> [What is required]
Your answer must be the exact lines of the listing below that run from the line with "this 1280×1892 image." to the line with "this 1920×1080 image.", ends included, and no pictures.
Records shown Block Start
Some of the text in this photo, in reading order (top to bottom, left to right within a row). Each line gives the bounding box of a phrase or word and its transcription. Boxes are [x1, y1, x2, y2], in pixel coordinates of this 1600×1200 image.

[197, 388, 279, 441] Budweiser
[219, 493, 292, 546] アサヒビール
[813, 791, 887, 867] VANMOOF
Records shown Block End
Records shown Block Start
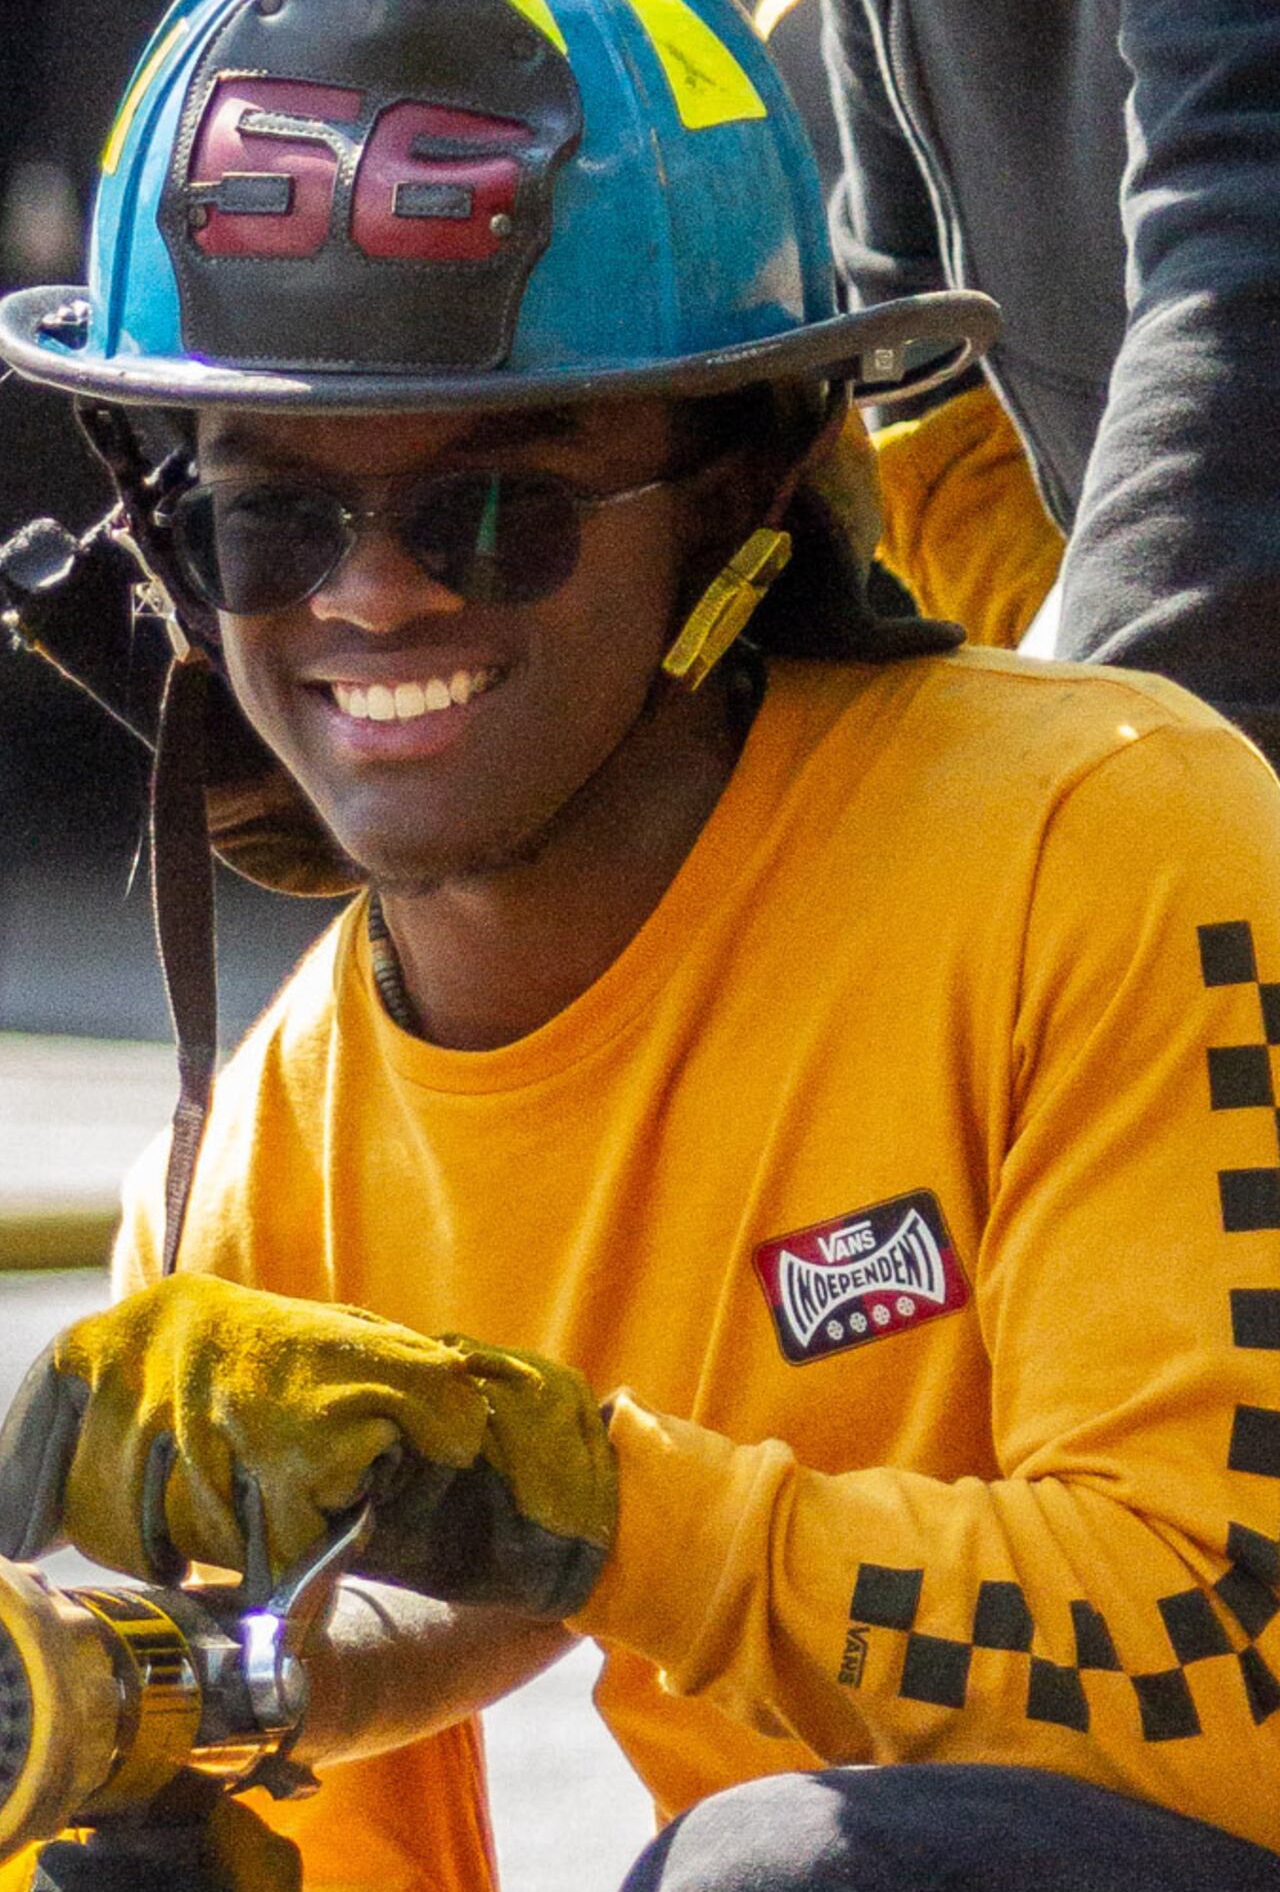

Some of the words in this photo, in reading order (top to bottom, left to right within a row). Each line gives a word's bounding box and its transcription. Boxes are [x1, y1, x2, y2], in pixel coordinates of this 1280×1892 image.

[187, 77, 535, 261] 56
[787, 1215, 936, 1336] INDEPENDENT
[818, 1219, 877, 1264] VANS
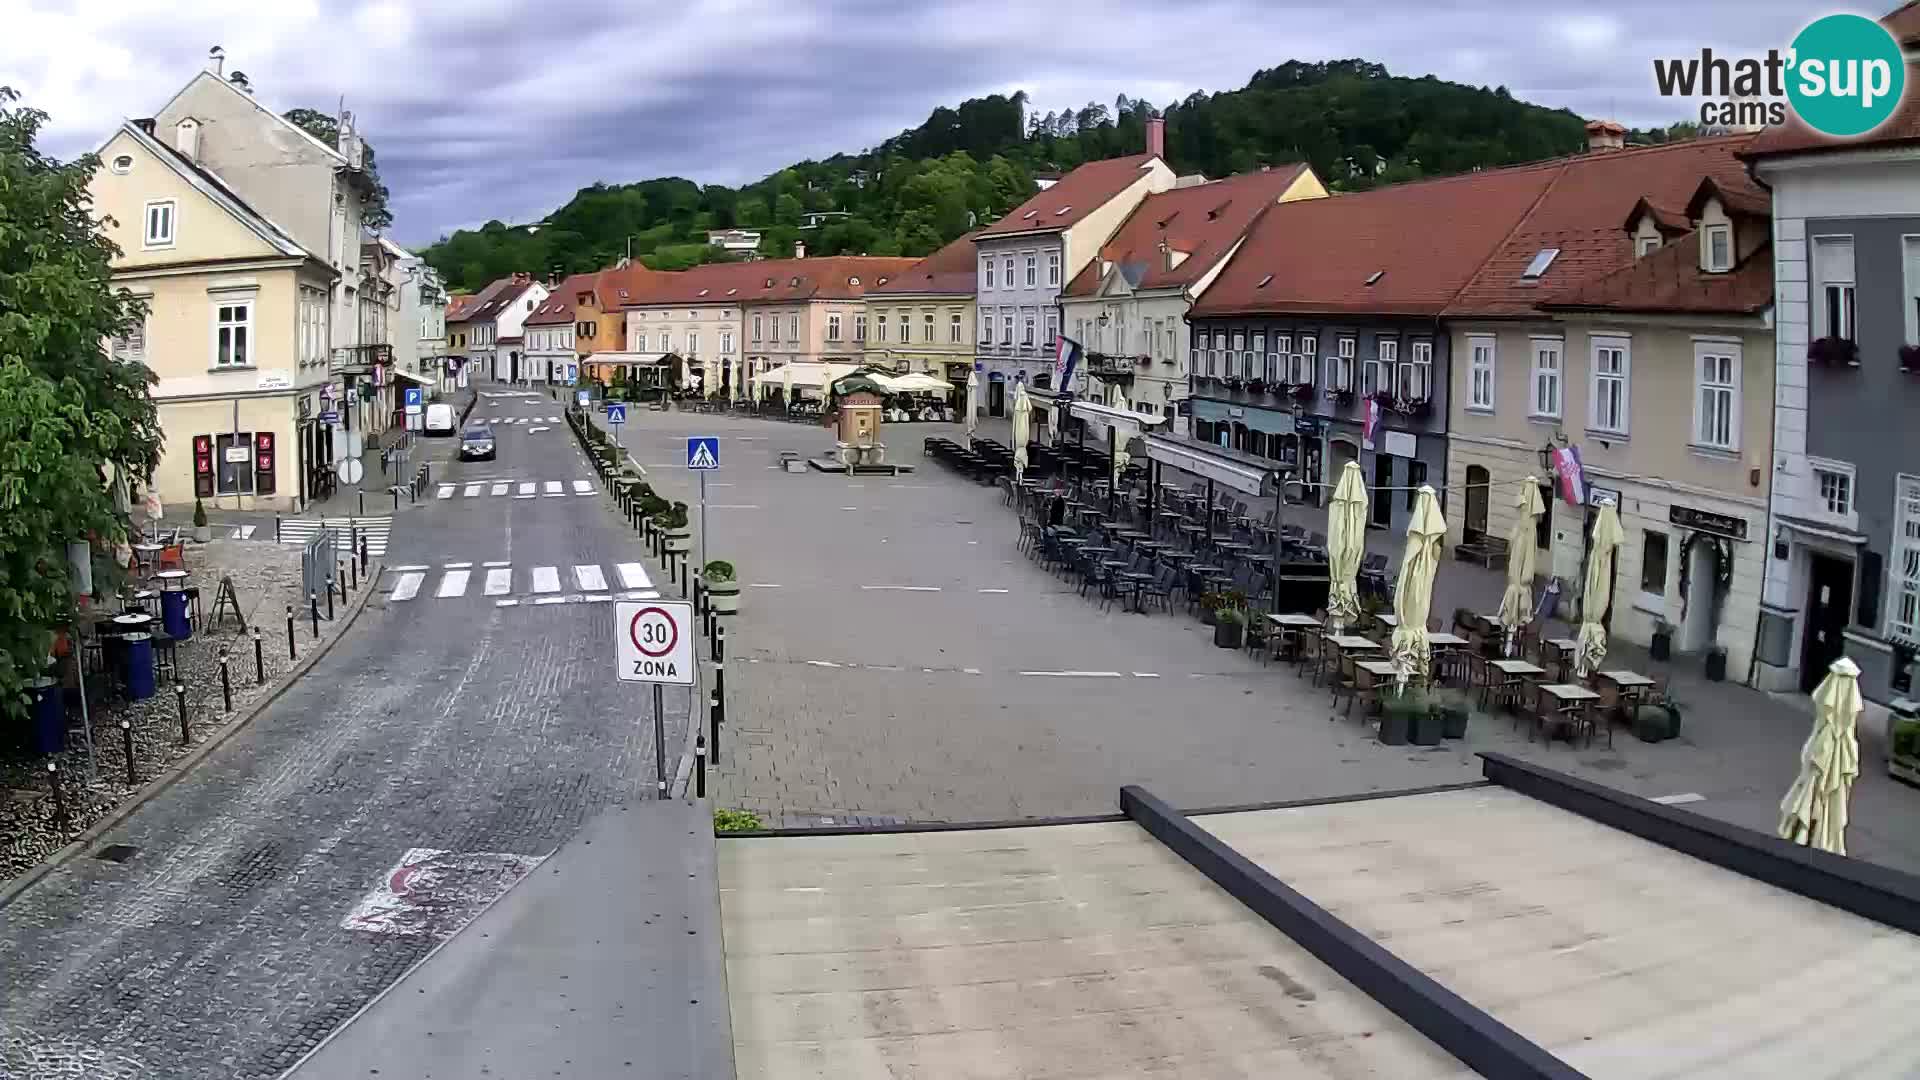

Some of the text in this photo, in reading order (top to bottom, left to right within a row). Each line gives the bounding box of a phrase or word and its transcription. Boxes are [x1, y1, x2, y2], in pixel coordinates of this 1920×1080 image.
Records shown Block End
Records shown Block Start
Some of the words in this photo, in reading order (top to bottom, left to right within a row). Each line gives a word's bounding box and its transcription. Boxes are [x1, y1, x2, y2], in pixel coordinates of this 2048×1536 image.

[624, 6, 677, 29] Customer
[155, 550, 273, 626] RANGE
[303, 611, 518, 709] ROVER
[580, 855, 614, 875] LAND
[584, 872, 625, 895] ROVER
Records shown Block End
> [Exercise response]
Some of the words in this photo, in reading order (top to bottom, left to right within a row). Each line gives a word's bounding box and its transcription. Boxes are [x1, y1, x2, y2], in pixel coordinates of this 1280×1892 image.

[187, 77, 535, 261] 56
[787, 1215, 936, 1336] INDEPENDENT
[818, 1219, 877, 1264] VANS

Some of the text in this photo, in reading order (top to bottom, left to right within a row). Each line gives the bounding box of a phrase or word and its transcription. Boxes are [x1, y1, x2, y2], in pixel coordinates of this 1920×1080 image.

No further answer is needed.